Hook has argued that BRT is often a more cost effective form of mass transit vis-à-vis rail-based alternatives, as it costs far less per kilometer/mile to build and offers more flexible service options. Citing the transformational effects of Cleveland's Healthline BRT, he argues that BRT is a more cost effective investment for stimulating transit-oriented development. Hook has also advocated for a clearer definition of "BRT" and was instrumental in developing the BRT Standard.

In addition to BRT advocacy, Hook has called for the enactment of a series of "livability" initiatives in U.S. cities. Such measures would include the creation of traffic demand management and congestion pricing systems similar to those implemented in London and Stockholm, ready access to efficient public transit, and the improvement and expansion of basic public amenities such as parks.

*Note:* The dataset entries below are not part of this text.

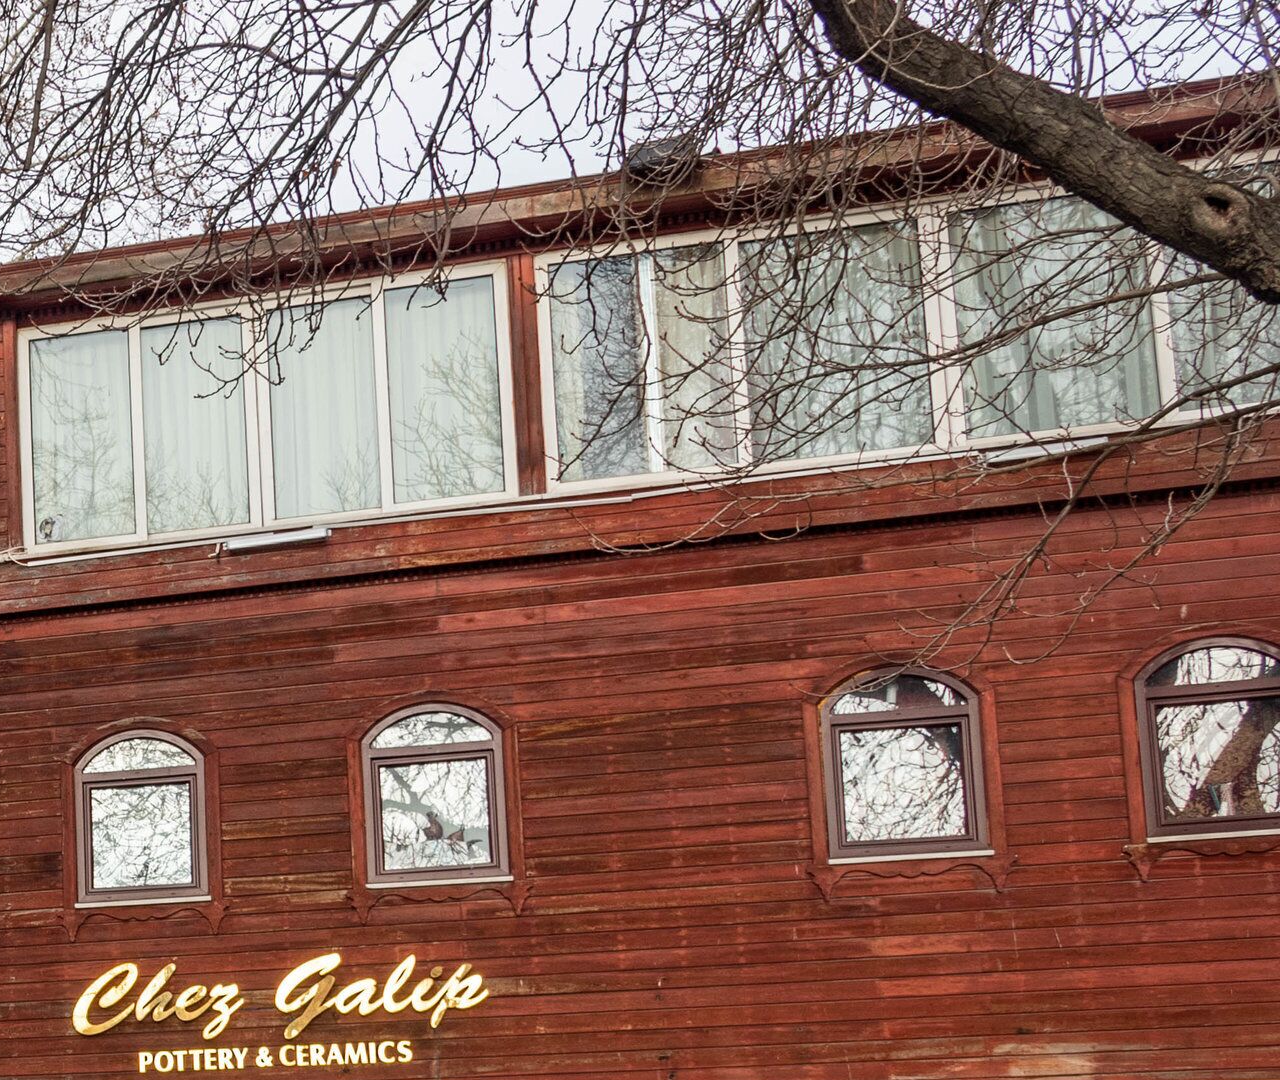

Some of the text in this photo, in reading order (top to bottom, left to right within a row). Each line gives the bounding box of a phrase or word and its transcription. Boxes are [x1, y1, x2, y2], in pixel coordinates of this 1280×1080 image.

[72, 953, 489, 1040] Chez Galip
[138, 1040, 414, 1074] POTTERY & CERAMICS
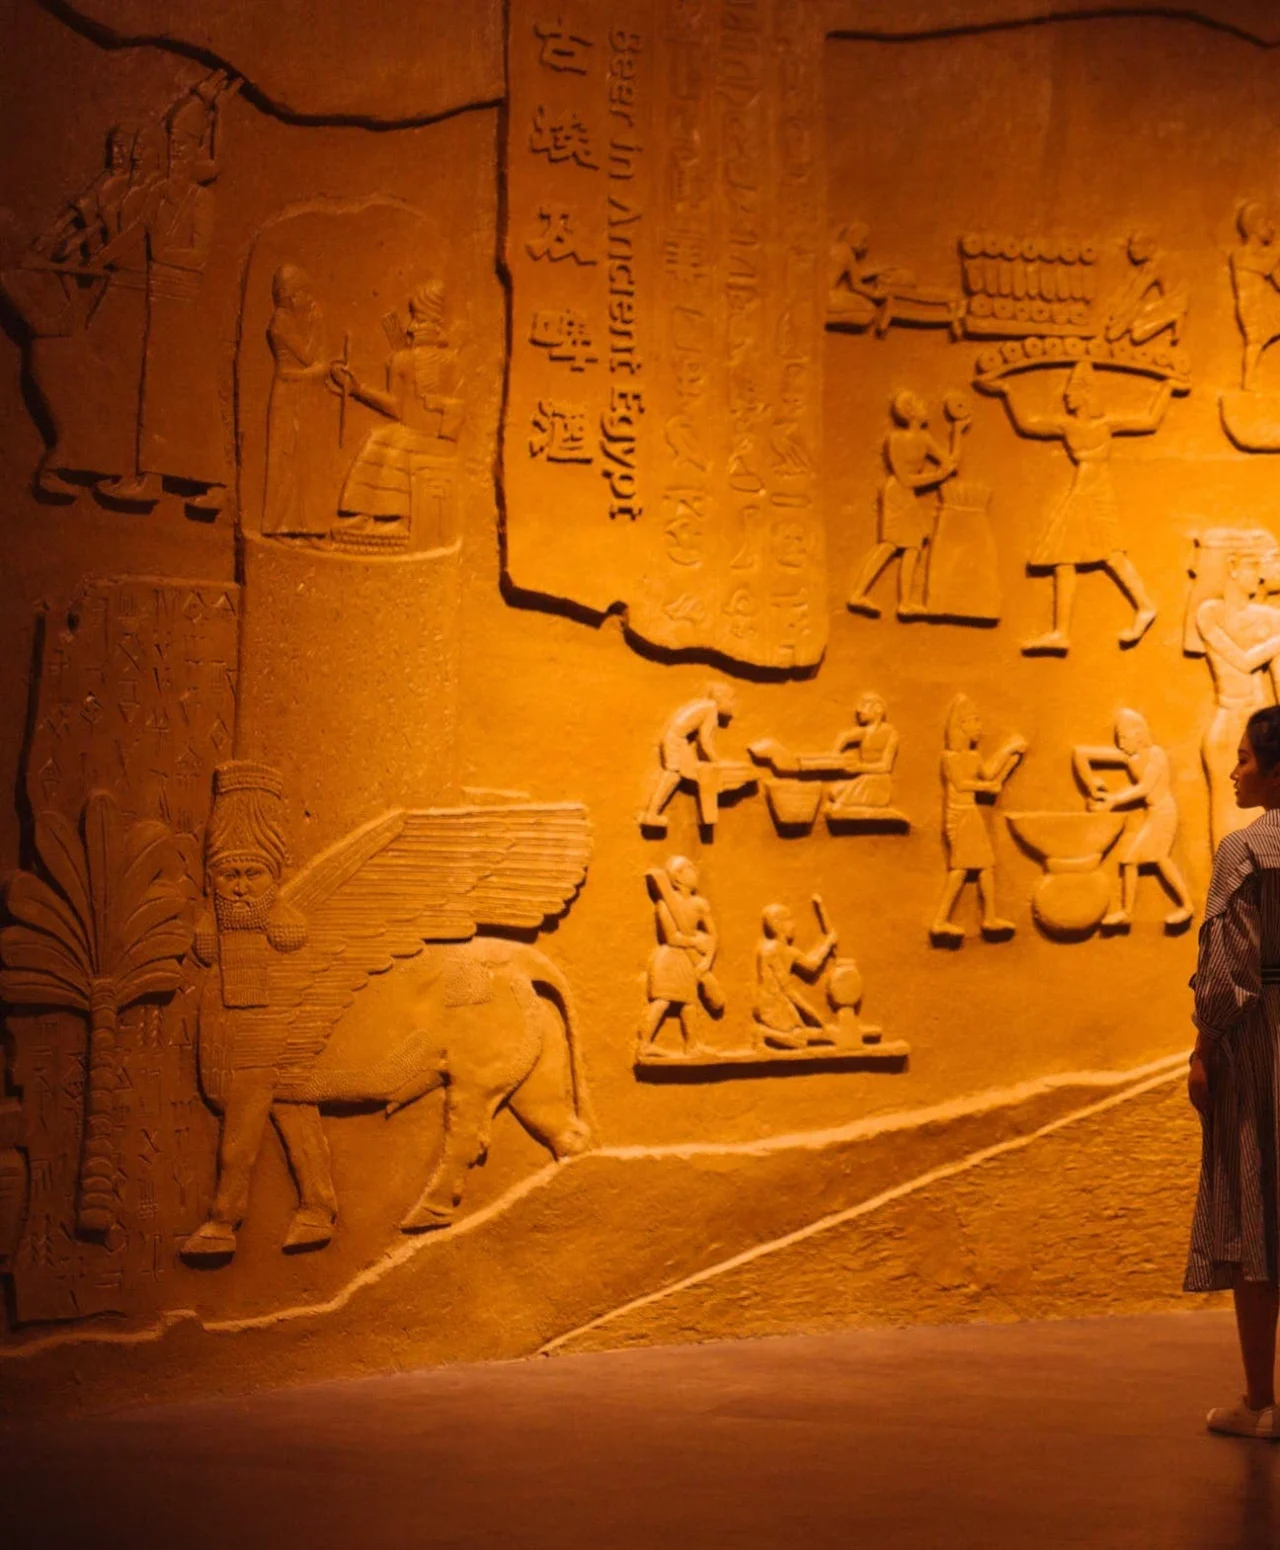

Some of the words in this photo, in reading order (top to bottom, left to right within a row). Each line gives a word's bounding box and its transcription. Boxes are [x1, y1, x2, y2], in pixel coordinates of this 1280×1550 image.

[607, 24, 642, 128] Beer
[608, 142, 644, 181] in
[526, 16, 600, 464] 古埃及啤酒
[607, 196, 645, 375] Ancient
[600, 386, 646, 522] Egypt
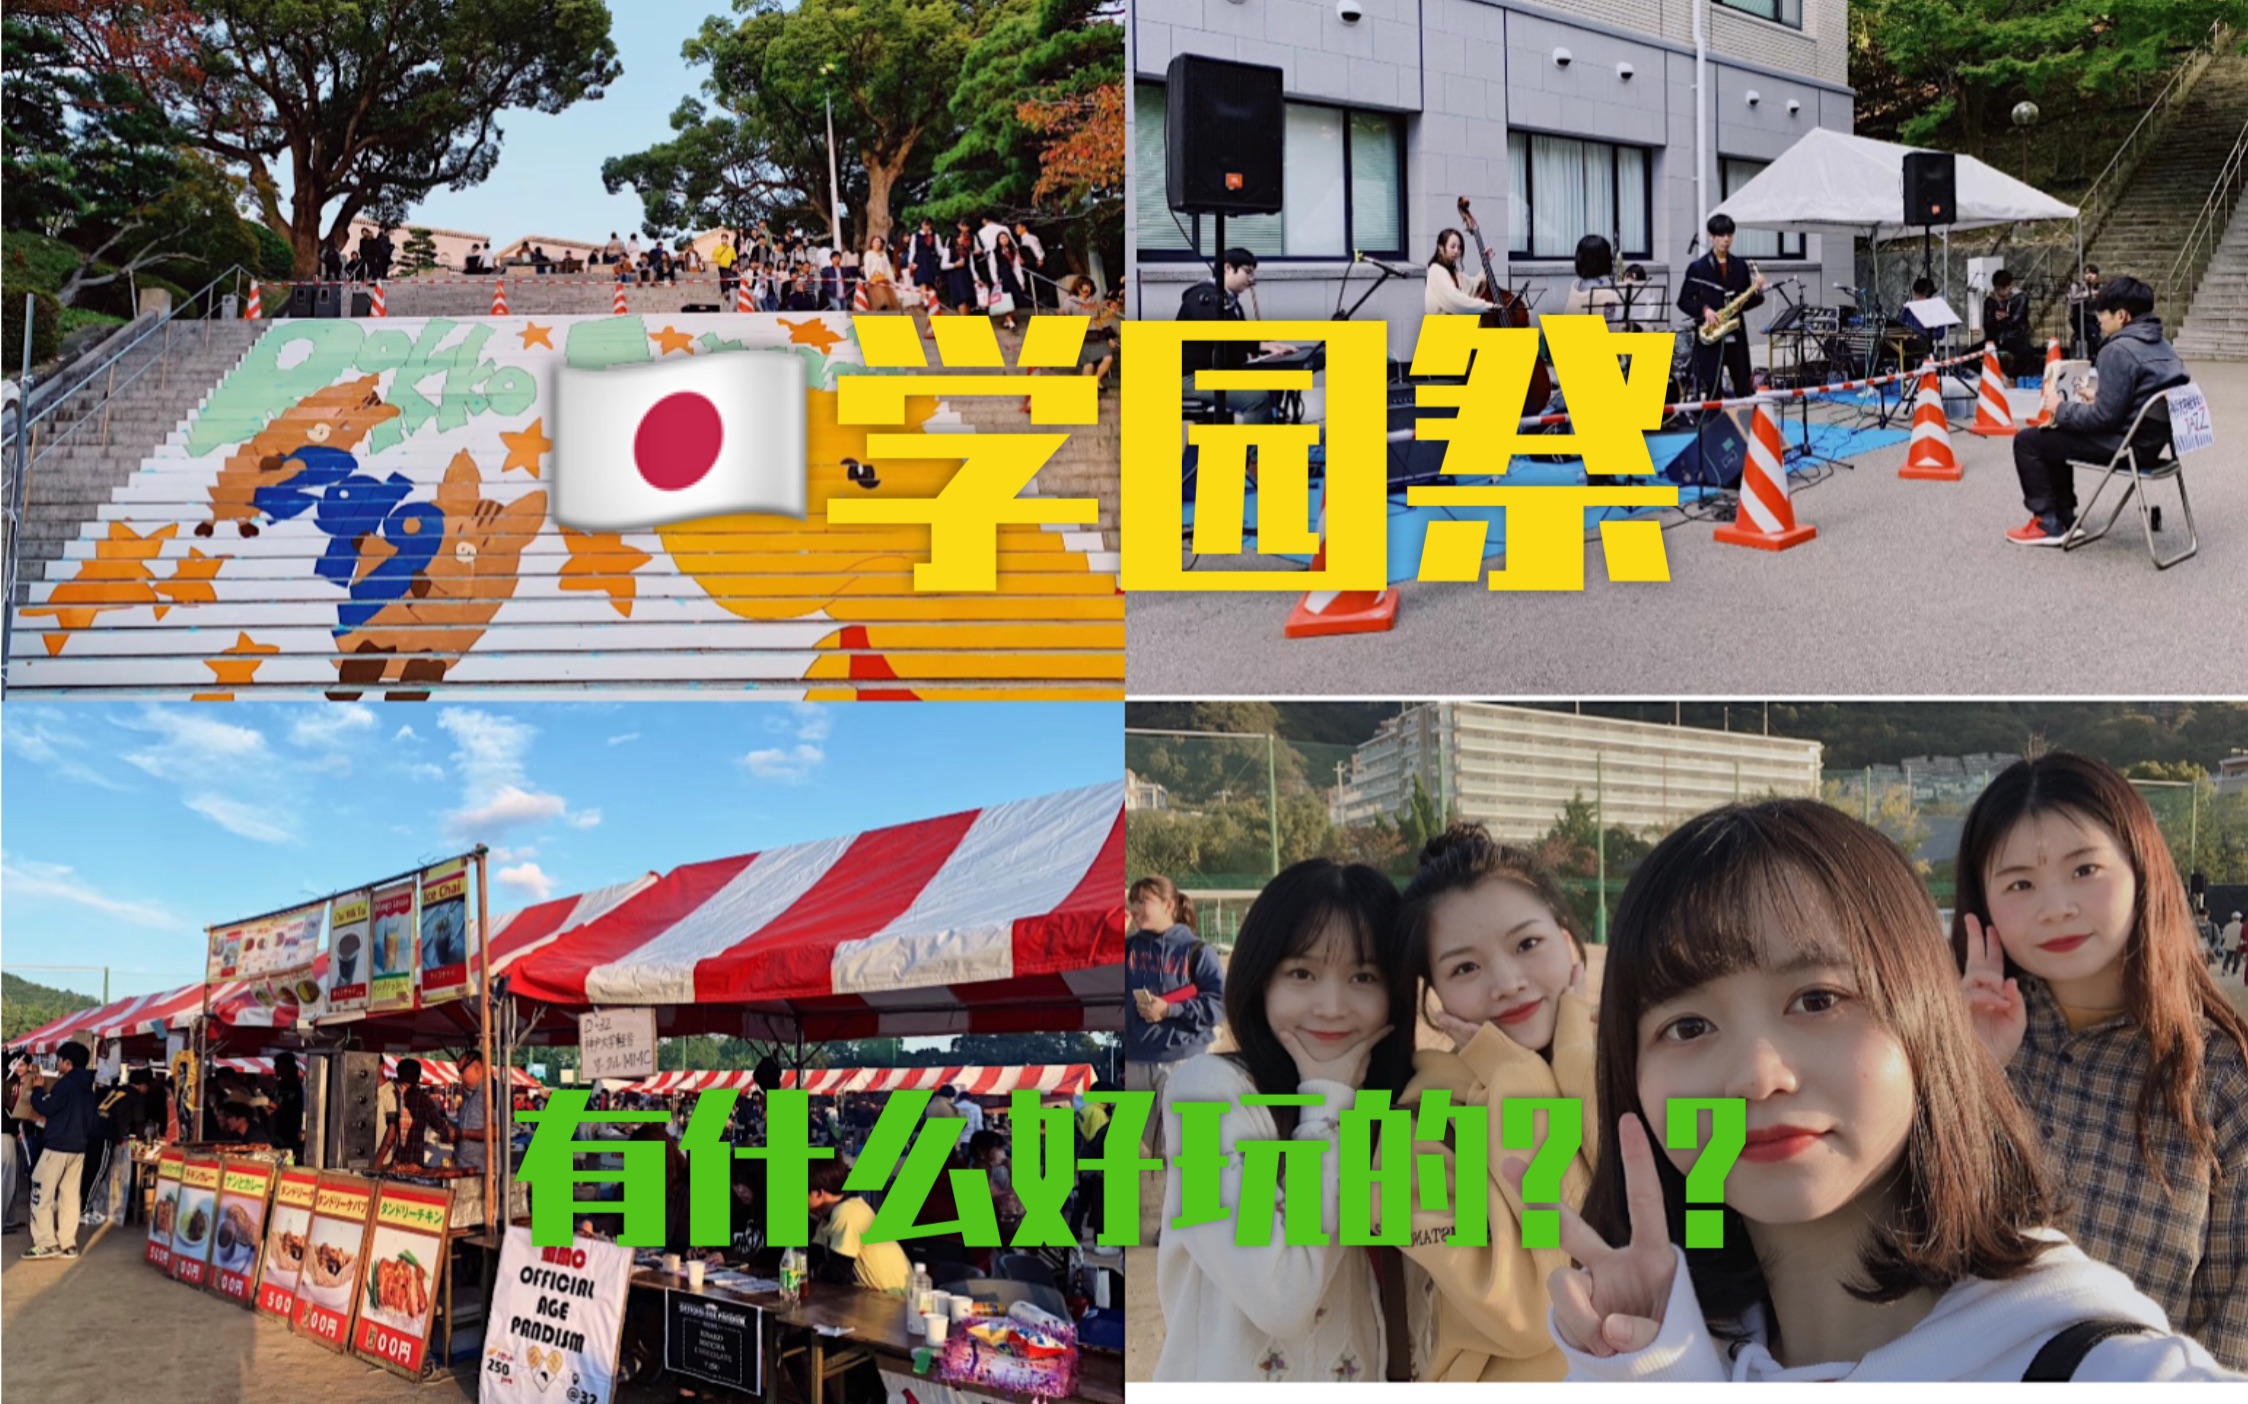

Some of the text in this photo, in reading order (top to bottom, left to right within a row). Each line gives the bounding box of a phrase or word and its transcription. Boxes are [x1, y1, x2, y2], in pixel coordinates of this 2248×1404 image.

[423, 881, 461, 902] Ice Chai
[381, 1202, 443, 1225] タンドリーチキン
[519, 1265, 596, 1300] OFFICIAL
[536, 1295, 570, 1321] AGE
[367, 1324, 412, 1364] 500円
[510, 1315, 586, 1354] PANDISM
[486, 1357, 511, 1377] 250

He claims these developments would bolster urban viability, and have the effect of reducing greenhouse gas emissions, suburban sprawl, and traffic congestion. Additionally, they would improve air quality and reduce the incidence of respiratory disease, while creating a commensurate increase in quality of life for city dwellers, factors he asserts are critical for a city's economic growth and the satisfaction of their voter bases.

Hook has also called on U.S. cities to reevaluate the role of non-motorized vehicles such as bicycles and pedicabs as viable, non-polluting alternatives to automobile travel for short-distance trips. He avers that increasing such forms of transportation would alleviate the motor vehicle traffic congestion endemic to many U.S. cities, and suggests they enact reforms that would put the safety and convenience of cyclists and pedestrians at the forefront.

==Recent Publications==
- Bus Rapid Transit Planning Guide (w/ Lloyd Wright, co-ed.), Institute for Transportation and Development Policy, June 2007.
- “Urban Transportation and the Millennium Development Goals,” Global Urban Development Magazine, Issue I, Volume 2, March, 2006.
- Training Course: Non-Motorized Transport. 2005. GTZ.